** Assigned task **
From the first line to the last, copy the data exactly and drop the pictures.
Content starts
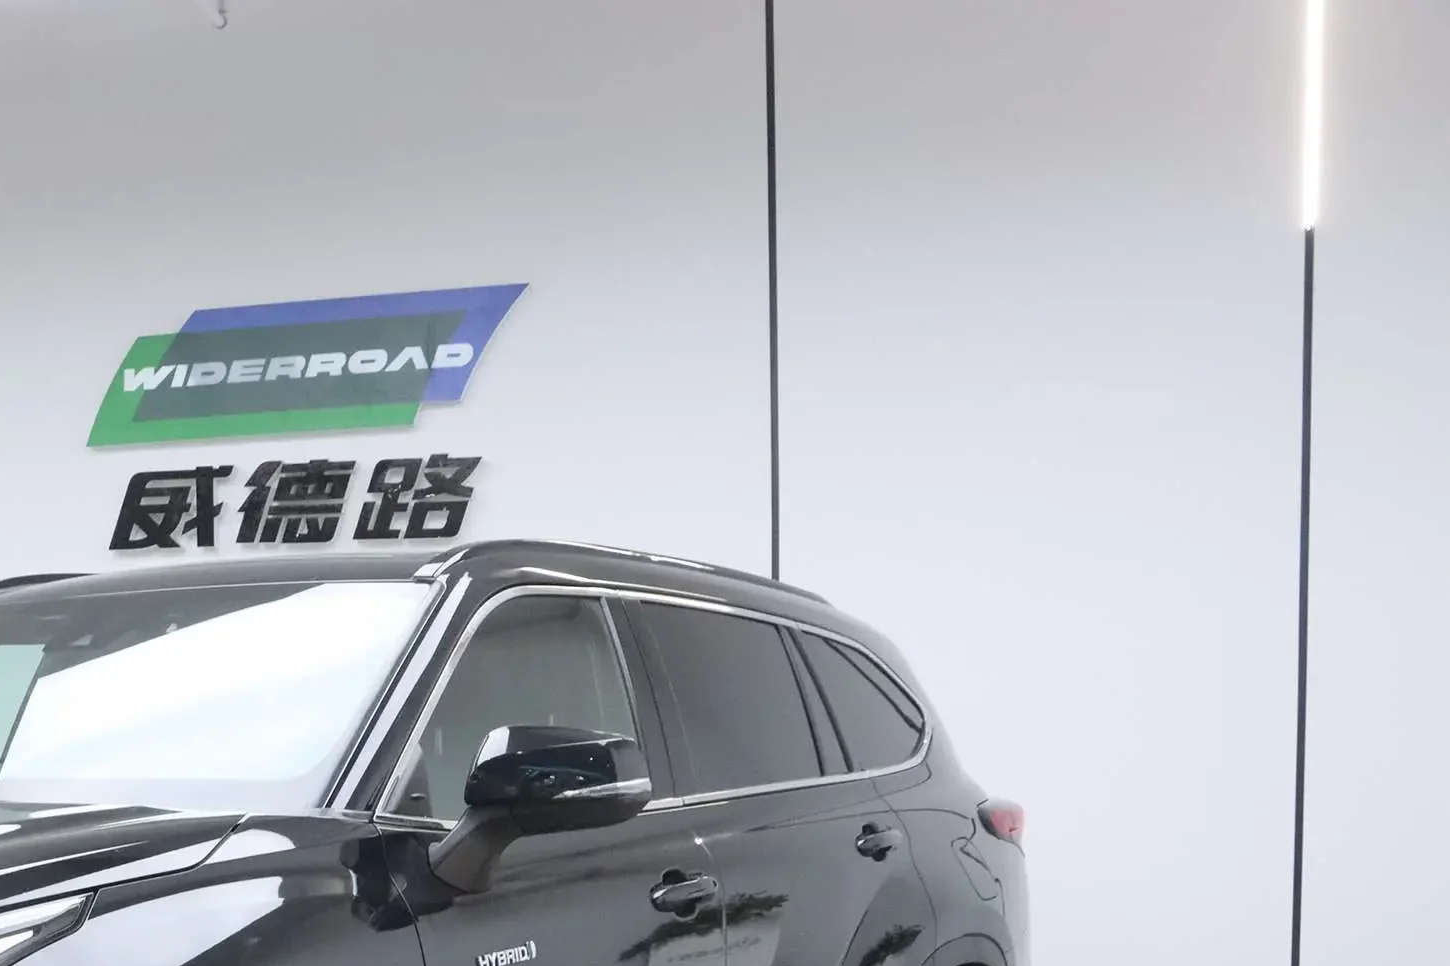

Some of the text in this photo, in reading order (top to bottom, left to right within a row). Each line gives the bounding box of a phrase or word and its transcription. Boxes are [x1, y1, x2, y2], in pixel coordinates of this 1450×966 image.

[123, 343, 474, 392] WIDERROAD
[108, 453, 483, 551] 威德路
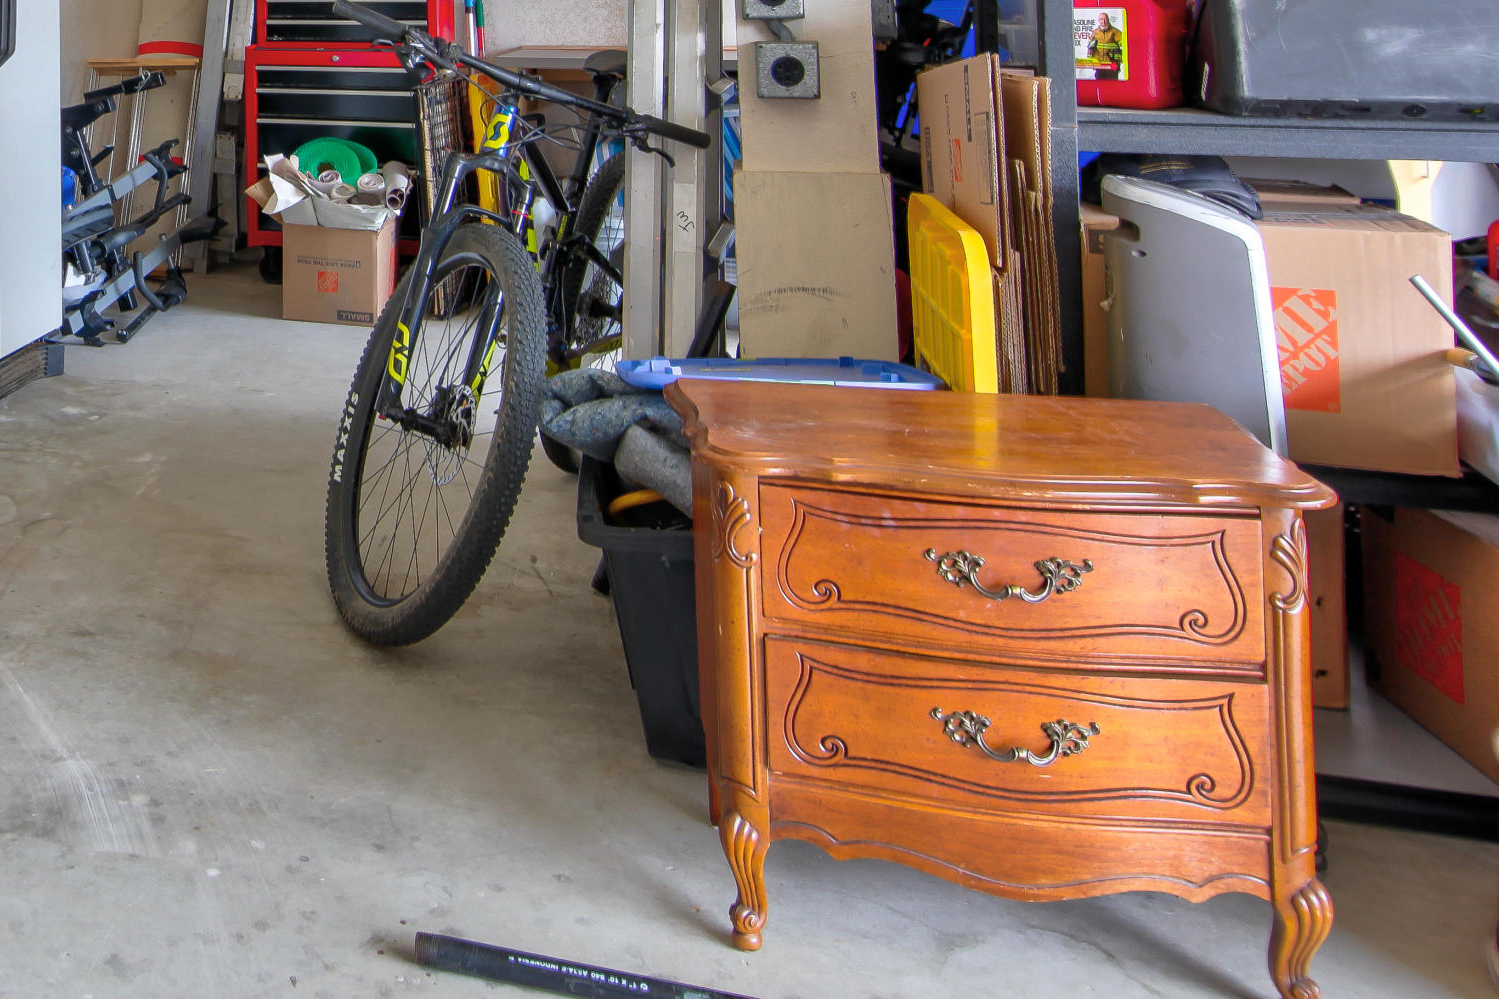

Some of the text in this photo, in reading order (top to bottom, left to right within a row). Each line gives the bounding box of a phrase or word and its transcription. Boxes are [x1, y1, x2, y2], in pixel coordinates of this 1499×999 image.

[1073, 18, 1096, 26] ASOLINE
[340, 312, 370, 321] SMALL
[1281, 335, 1339, 395] EPOT
[333, 393, 359, 483] MAXXIS
Content ends
** Exercise solution **
Some of the text in this photo, in reading order (top to bottom, left to right within a row). Each line gives the bounding box of a phrase or word and its transcription. Boxes are [x1, y1, x2, y2], in pixel coordinates of this 1450×966 image.

[123, 343, 474, 392] WIDERROAD
[108, 453, 483, 551] 威德路

Some of the text in this photo, in reading order (top to bottom, left to right within a row). Each line gives the bounding box of a phrase or word and its transcription. Boxes are [x1, y1, x2, y2], in pixel coordinates of this 1499×999 image.

[1073, 18, 1096, 26] ASOLINE
[340, 312, 370, 321] SMALL
[1281, 335, 1339, 395] EPOT
[333, 393, 359, 483] MAXXIS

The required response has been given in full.